Problem to work on:
The entries are to be output once more, word for word.

BEGIN Input

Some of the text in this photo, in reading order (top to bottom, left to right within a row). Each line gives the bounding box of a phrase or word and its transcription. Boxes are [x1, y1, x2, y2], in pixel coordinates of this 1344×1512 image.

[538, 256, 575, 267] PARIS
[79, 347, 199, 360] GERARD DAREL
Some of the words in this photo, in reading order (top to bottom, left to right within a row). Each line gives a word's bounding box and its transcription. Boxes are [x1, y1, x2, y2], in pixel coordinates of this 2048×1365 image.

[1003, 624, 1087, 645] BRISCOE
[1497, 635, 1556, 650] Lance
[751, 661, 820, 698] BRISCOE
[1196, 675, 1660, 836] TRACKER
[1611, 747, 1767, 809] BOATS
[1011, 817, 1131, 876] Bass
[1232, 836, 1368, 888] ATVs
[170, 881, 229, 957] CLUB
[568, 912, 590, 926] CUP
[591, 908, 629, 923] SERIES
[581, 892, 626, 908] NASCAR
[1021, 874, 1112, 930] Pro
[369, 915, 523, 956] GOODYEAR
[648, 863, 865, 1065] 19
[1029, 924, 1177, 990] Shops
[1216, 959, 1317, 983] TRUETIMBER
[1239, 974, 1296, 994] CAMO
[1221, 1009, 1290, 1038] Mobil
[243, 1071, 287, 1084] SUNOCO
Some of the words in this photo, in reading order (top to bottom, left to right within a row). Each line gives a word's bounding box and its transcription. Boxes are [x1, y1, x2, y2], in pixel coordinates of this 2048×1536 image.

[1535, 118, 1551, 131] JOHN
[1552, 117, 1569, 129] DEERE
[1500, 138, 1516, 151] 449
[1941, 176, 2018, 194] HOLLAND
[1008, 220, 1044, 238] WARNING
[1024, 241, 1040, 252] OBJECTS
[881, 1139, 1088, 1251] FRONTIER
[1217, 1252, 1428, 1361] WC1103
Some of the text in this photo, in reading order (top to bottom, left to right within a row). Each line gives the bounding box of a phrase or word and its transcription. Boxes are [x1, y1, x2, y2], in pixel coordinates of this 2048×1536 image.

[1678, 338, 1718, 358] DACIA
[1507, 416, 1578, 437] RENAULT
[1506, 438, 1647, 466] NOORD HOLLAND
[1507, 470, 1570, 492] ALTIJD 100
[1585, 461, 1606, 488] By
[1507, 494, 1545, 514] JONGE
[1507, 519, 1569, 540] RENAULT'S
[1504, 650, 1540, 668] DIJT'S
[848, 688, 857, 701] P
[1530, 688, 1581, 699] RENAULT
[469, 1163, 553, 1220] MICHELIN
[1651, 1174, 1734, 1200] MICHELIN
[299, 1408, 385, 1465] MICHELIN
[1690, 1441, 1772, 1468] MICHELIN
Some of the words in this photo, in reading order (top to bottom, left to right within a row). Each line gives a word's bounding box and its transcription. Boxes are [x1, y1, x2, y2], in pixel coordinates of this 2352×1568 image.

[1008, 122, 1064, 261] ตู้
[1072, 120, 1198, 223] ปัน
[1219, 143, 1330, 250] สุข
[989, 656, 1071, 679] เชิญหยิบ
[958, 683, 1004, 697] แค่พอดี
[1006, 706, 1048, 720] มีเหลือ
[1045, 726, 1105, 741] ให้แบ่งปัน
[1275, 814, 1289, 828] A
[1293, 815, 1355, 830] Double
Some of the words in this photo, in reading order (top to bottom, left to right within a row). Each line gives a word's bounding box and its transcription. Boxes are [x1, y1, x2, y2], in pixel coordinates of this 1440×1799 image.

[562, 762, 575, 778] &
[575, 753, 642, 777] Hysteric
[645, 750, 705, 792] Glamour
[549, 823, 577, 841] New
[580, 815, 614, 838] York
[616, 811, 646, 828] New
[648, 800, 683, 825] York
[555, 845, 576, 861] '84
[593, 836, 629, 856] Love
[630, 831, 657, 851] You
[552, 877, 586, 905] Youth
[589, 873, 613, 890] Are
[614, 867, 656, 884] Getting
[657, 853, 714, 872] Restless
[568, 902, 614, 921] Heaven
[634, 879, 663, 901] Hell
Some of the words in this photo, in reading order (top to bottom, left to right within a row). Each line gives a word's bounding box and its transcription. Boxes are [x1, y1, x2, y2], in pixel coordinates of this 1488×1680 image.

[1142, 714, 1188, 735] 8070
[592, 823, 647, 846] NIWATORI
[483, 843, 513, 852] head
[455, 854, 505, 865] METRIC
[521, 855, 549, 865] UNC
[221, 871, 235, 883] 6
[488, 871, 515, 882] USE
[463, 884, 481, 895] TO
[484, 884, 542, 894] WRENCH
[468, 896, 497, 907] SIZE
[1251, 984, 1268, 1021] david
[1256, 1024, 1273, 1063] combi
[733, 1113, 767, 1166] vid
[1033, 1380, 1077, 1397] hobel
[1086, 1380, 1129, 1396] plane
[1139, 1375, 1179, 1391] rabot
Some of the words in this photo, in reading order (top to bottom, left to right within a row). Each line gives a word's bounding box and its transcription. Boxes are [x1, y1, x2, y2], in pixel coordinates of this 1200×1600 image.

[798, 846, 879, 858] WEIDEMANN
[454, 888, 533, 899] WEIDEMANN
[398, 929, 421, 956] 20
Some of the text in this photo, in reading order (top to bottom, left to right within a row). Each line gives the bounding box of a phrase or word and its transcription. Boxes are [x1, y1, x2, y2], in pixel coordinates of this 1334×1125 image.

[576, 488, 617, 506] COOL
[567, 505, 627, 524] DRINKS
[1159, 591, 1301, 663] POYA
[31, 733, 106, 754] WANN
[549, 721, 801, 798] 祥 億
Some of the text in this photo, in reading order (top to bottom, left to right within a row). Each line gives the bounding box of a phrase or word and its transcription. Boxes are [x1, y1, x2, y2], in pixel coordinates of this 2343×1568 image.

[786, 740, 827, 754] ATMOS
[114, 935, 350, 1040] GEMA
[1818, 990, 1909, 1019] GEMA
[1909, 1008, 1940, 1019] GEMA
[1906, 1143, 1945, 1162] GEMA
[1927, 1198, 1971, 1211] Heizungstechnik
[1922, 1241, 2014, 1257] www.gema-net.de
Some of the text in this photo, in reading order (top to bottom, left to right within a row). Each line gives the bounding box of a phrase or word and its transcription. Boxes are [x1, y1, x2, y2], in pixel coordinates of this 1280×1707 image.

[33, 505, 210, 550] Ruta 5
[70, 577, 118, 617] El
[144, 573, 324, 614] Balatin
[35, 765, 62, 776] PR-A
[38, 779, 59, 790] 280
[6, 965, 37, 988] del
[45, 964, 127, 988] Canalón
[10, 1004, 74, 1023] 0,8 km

END Input

Reply to the exercise:
Some of the text in this photo, in reading order (top to bottom, left to right within a row). Each line gives the bounding box of a phrase or word and its transcription. Boxes are [x1, y1, x2, y2], in pixel coordinates of this 1344×1512 image.

[538, 256, 575, 267] PARIS
[79, 347, 199, 360] GERARD DAREL
Some of the words in this photo, in reading order (top to bottom, left to right within a row). Each line gives a word's bounding box and its transcription. Boxes are [x1, y1, x2, y2], in pixel coordinates of this 2048×1365 image.

[1003, 624, 1087, 645] BRISCOE
[1497, 635, 1556, 650] Lance
[751, 661, 820, 698] BRISCOE
[1196, 675, 1660, 836] TRACKER
[1611, 747, 1767, 809] BOATS
[1011, 817, 1131, 876] Bass
[1232, 836, 1368, 888] ATVs
[170, 881, 229, 957] CLUB
[568, 912, 590, 926] CUP
[591, 908, 629, 923] SERIES
[581, 892, 626, 908] NASCAR
[1021, 874, 1112, 930] Pro
[369, 915, 523, 956] GOODYEAR
[648, 863, 865, 1065] 19
[1029, 924, 1177, 990] Shops
[1216, 959, 1317, 983] TRUETIMBER
[1239, 974, 1296, 994] CAMO
[1221, 1009, 1290, 1038] Mobil
[243, 1071, 287, 1084] SUNOCO
Some of the words in this photo, in reading order (top to bottom, left to right within a row). Each line gives a word's bounding box and its transcription. Boxes are [x1, y1, x2, y2], in pixel coordinates of this 2048×1536 image.

[1535, 118, 1551, 131] JOHN
[1552, 117, 1569, 129] DEERE
[1500, 138, 1516, 151] 449
[1941, 176, 2018, 194] HOLLAND
[1008, 220, 1044, 238] WARNING
[1024, 241, 1040, 252] OBJECTS
[881, 1139, 1088, 1251] FRONTIER
[1217, 1252, 1428, 1361] WC1103
Some of the text in this photo, in reading order (top to bottom, left to right within a row). Each line gives the bounding box of a phrase or word and its transcription. Boxes are [x1, y1, x2, y2], in pixel coordinates of this 2048×1536 image.

[1678, 338, 1718, 358] DACIA
[1507, 416, 1578, 437] RENAULT
[1506, 438, 1647, 466] NOORD HOLLAND
[1507, 470, 1570, 492] ALTIJD 100
[1585, 461, 1606, 488] By
[1507, 494, 1545, 514] JONGE
[1507, 519, 1569, 540] RENAULT'S
[1504, 650, 1540, 668] DIJT'S
[848, 688, 857, 701] P
[1530, 688, 1581, 699] RENAULT
[469, 1163, 553, 1220] MICHELIN
[1651, 1174, 1734, 1200] MICHELIN
[299, 1408, 385, 1465] MICHELIN
[1690, 1441, 1772, 1468] MICHELIN
Some of the words in this photo, in reading order (top to bottom, left to right within a row). Each line gives a word's bounding box and its transcription. Boxes are [x1, y1, x2, y2], in pixel coordinates of this 2352×1568 image.

[1008, 122, 1064, 261] ตู้
[1072, 120, 1198, 223] ปัน
[1219, 143, 1330, 250] สุข
[989, 656, 1071, 679] เชิญหยิบ
[958, 683, 1004, 697] แค่พอดี
[1006, 706, 1048, 720] มีเหลือ
[1045, 726, 1105, 741] ให้แบ่งปัน
[1275, 814, 1289, 828] A
[1293, 815, 1355, 830] Double
Some of the words in this photo, in reading order (top to bottom, left to right within a row). Each line gives a word's bounding box and its transcription. Boxes are [x1, y1, x2, y2], in pixel coordinates of this 1440×1799 image.

[562, 762, 575, 778] &
[575, 753, 642, 777] Hysteric
[645, 750, 705, 792] Glamour
[549, 823, 577, 841] New
[580, 815, 614, 838] York
[616, 811, 646, 828] New
[648, 800, 683, 825] York
[555, 845, 576, 861] '84
[593, 836, 629, 856] Love
[630, 831, 657, 851] You
[552, 877, 586, 905] Youth
[589, 873, 613, 890] Are
[614, 867, 656, 884] Getting
[657, 853, 714, 872] Restless
[568, 902, 614, 921] Heaven
[634, 879, 663, 901] Hell
Some of the words in this photo, in reading order (top to bottom, left to right within a row). Each line gives a word's bounding box and its transcription. Boxes are [x1, y1, x2, y2], in pixel coordinates of this 1488×1680 image.

[1142, 714, 1188, 735] 8070
[592, 823, 647, 846] NIWATORI
[483, 843, 513, 852] head
[455, 854, 505, 865] METRIC
[521, 855, 549, 865] UNC
[221, 871, 235, 883] 6
[488, 871, 515, 882] USE
[463, 884, 481, 895] TO
[484, 884, 542, 894] WRENCH
[468, 896, 497, 907] SIZE
[1251, 984, 1268, 1021] david
[1256, 1024, 1273, 1063] combi
[733, 1113, 767, 1166] vid
[1033, 1380, 1077, 1397] hobel
[1086, 1380, 1129, 1396] plane
[1139, 1375, 1179, 1391] rabot
Some of the words in this photo, in reading order (top to bottom, left to right within a row). Each line gives a word's bounding box and its transcription. Boxes are [x1, y1, x2, y2], in pixel coordinates of this 1200×1600 image.

[798, 846, 879, 858] WEIDEMANN
[454, 888, 533, 899] WEIDEMANN
[398, 929, 421, 956] 20
Some of the text in this photo, in reading order (top to bottom, left to right within a row). Each line gives the bounding box of a phrase or word and its transcription. Boxes are [x1, y1, x2, y2], in pixel coordinates of this 1334×1125 image.

[576, 488, 617, 506] COOL
[567, 505, 627, 524] DRINKS
[1159, 591, 1301, 663] POYA
[31, 733, 106, 754] WANN
[549, 721, 801, 798] 祥 億
Some of the text in this photo, in reading order (top to bottom, left to right within a row). Each line gives the bounding box of a phrase or word and its transcription. Boxes are [x1, y1, x2, y2], in pixel coordinates of this 2343×1568 image.

[786, 740, 827, 754] ATMOS
[114, 935, 350, 1040] GEMA
[1818, 990, 1909, 1019] GEMA
[1909, 1008, 1940, 1019] GEMA
[1906, 1143, 1945, 1162] GEMA
[1927, 1198, 1971, 1211] Heizungstechnik
[1922, 1241, 2014, 1257] www.gema-net.de
Some of the text in this photo, in reading order (top to bottom, left to right within a row). Each line gives the bounding box of a phrase or word and its transcription. Boxes are [x1, y1, x2, y2], in pixel coordinates of this 1280×1707 image.

[33, 505, 210, 550] Ruta 5
[70, 577, 118, 617] El
[144, 573, 324, 614] Balatin
[35, 765, 62, 776] PR-A
[38, 779, 59, 790] 280
[6, 965, 37, 988] del
[45, 964, 127, 988] Canalón
[10, 1004, 74, 1023] 0,8 km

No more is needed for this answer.